The fact that we live with the uncertainty for nine whole months—and that the evidence of the mystery is always right in front of me—is why, I’ve discovered, pregnancy is a particularly ripe condition for spawning superstition. “Whenever you have a situation where there’s a lot at stake, and you’ve done everything you possibly can to make sure there’s a happy outcome but there’s still a lot of uncertainty, it’s a perfect circumstance for superstitions to emerge,” Stuart Vyse, a professor at Connecticut College who specializes in the psychology of irrational beliefs, told me. “Establishing some kind of ritual or lucky thing you do makes you feel better, because it gives you the illusion of control.”
And Jews have spent centuries accumulating a vast catalog of practices surrounding pregnancy and childbirth: a trove of off-the-shelf totems to fit any anxiety that, for someone as determinedly secular as I am, has the added appeal of coming wrapped in echt Jewish authenticity. “You can trace the magic to the Babylonians, the ancient Greeks, you can see the common denominators,” said Michele Klein, an expert in Jewish birth folklore and customs. “But the Jews have a written heritage and have channeled it and processed it and turned it into a way to maintain Jewish identity, separate from other peoples.” So, expectant Jewish parents can rely on charms like the hamsah to ward off the evil eye or tie red strings around their wrists for good luck—or resort to time-honored tricks like not saying a baby’s name aloud before it is formally bestowed at the bris, eight days after birth, to avoid attracting notice from vindictive spirits.

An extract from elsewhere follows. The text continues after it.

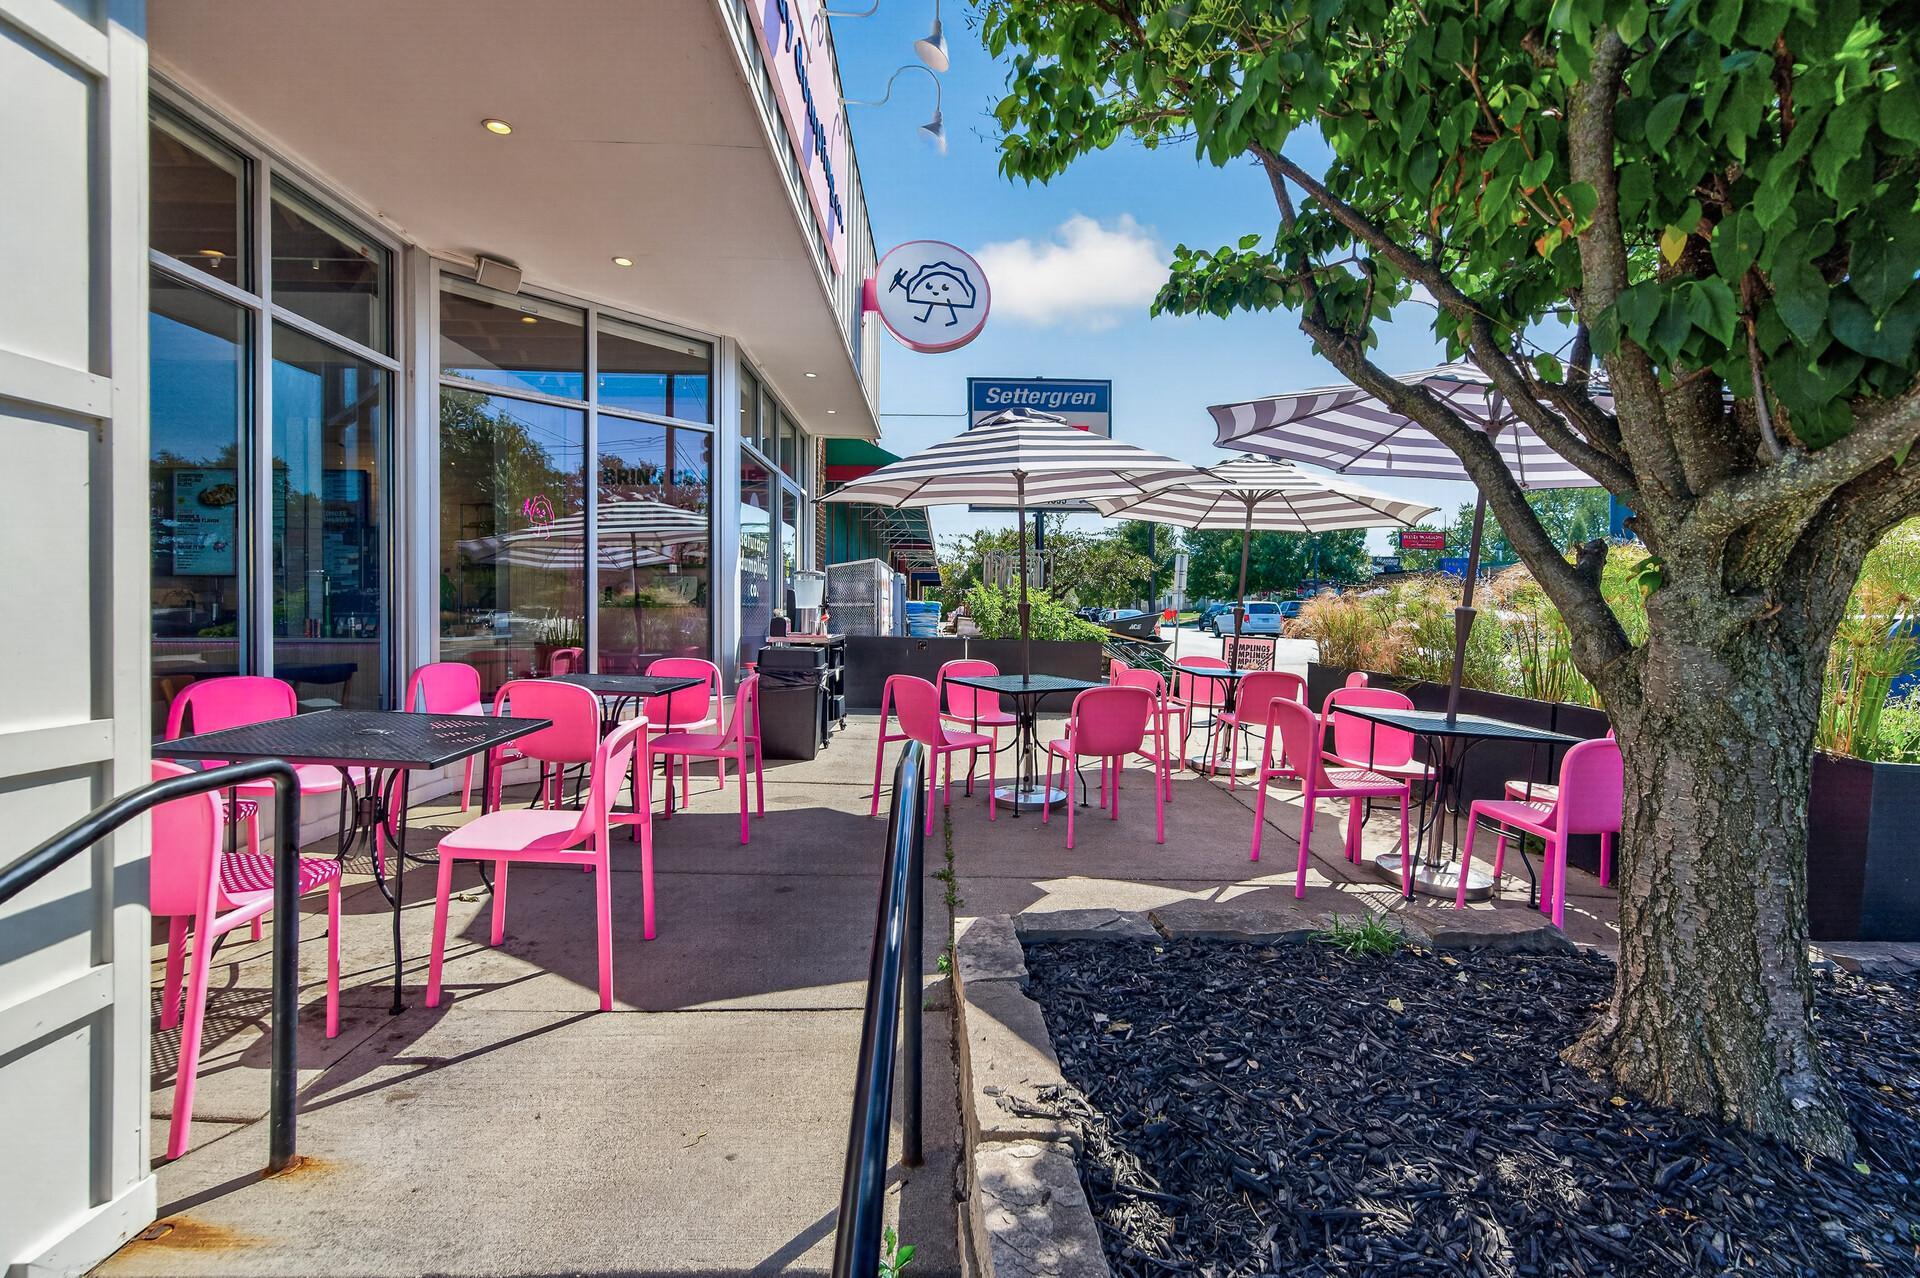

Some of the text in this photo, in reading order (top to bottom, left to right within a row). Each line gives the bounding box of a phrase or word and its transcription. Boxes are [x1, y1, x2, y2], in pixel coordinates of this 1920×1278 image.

Which is why, despite there being nothing in the Talmud about my omnipresent Angel of Death, it felt like a distinctly Jewish thing to fear. Along with the evil eye—ayin hara—it’s a concept that has become woven into the warp of Jewish observance, so much so that it can be thought of as “superhalachic.” (Another is the habit of wishing a pregnant woman “b’sha’ah tovah”—“in good time”—rather than a standard mazel tov.) “The overwhelming majority of these things are not legally or textually based,” said Rabbi Dr. Edward Reichman, who teaches Jewish medical ethics at Yeshiva University. Superstitious habits like not revealing a baby’s intended name before the bris, or not outfitting a nursery until a baby is born, dovetail with other legally sanctioned practices, like not planning a funeral until a person has died. “There is a belief that you don’t want to prophesize or look to the future in ways that are inappropriate,” Reichman told me. “There’s nothing in halacha about not calling a mohel before a baby’s born, but you don’t want to anticipate God’s work—so you wait.”